NEWS Microsoft has admitted its Passport platform isn't yet good enough for banking applications. But the software giant responded to the avalanche of angry feedback following Egg's decision to adopt Passport by insisting it will work with Egg and others to make it secure enough for online banking. Microsoft has also admitted it has a mountain to climb in terms of user acceptance of the system. Richard Hamblen, Microsoft's .NET UK marketing manager, said: "We recognise that currently Passport isn't fit for doing banking transactions, right now there are certain applications it's not suited to. But this is why we are working with people like Egg to get it up to that level." His words mirrored those of Dana Cuffe, CIO of Egg, who spoke to silicon.com on Friday. Cuffe said: "Microsoft and Egg would never roll out anything that wasn't absolutely secure for banking. Passport is moving towards this goal, which is why we are adding the ability to include extra levels of authentication such as smartcards and biometric tests to the system." He also insisted the single sign-on model exemplified by Passport was inherently more secure than other web security models and would be the best way to ensure consumer safety.
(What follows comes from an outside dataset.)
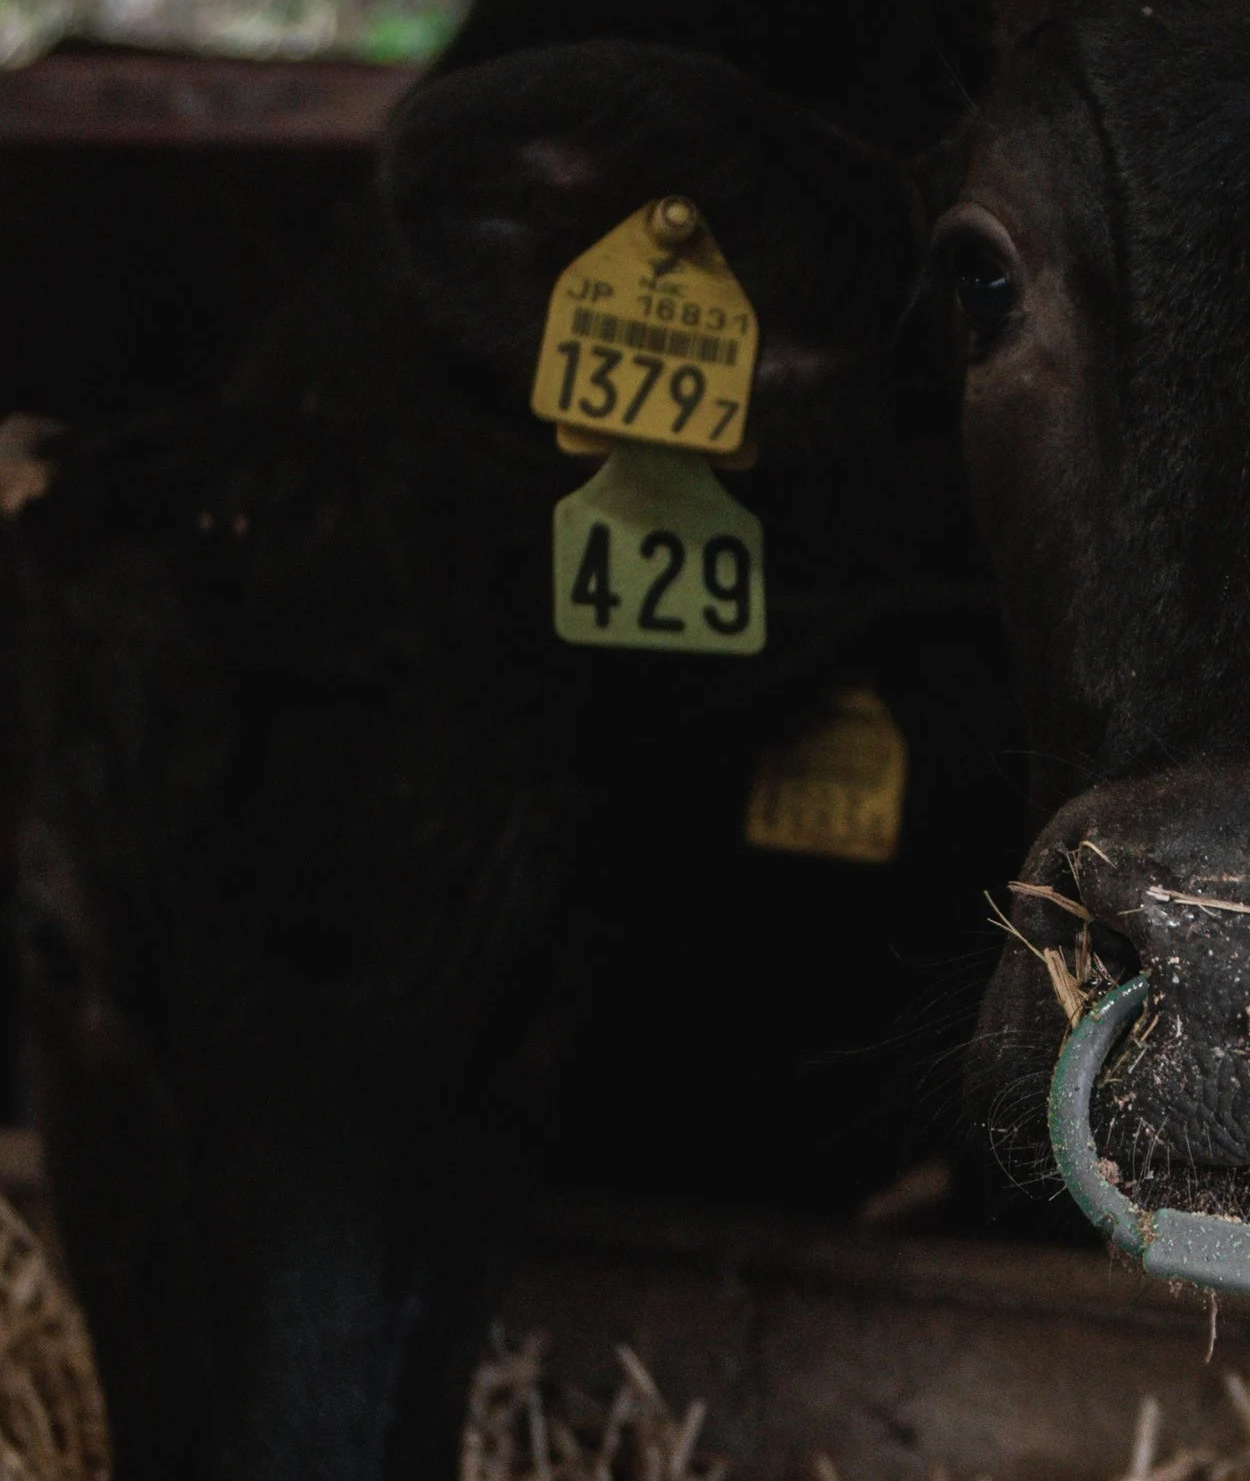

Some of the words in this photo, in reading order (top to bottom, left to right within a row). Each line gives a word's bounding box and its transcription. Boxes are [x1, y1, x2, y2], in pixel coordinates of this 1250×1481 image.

The comments come after silicon.com revealed Egg's intention to move towards using Passport to authenticate its customers, prompting a huge response from nervous Egg customers unhappy about Microsoft's record on security. Hamblen admitted customer perception is a problem, but insisted people were confusing highly publicised problems with Microsoft's IIS software with Passport. He said: "We have a lot of work to do on our reputation - this is undoubtedly going to be a long journey for us, we know we've got to build trust." He denied the development of Microsoft's over-arching .NET strategy will be stymied by the fears over Passport, one of the foundations of the strategy. Hamblen's assertions about the strength of Passport came despite news over the weekend that a flaw was uncovered which could give hackers access to customer details. Microsoft says the problem has been solved.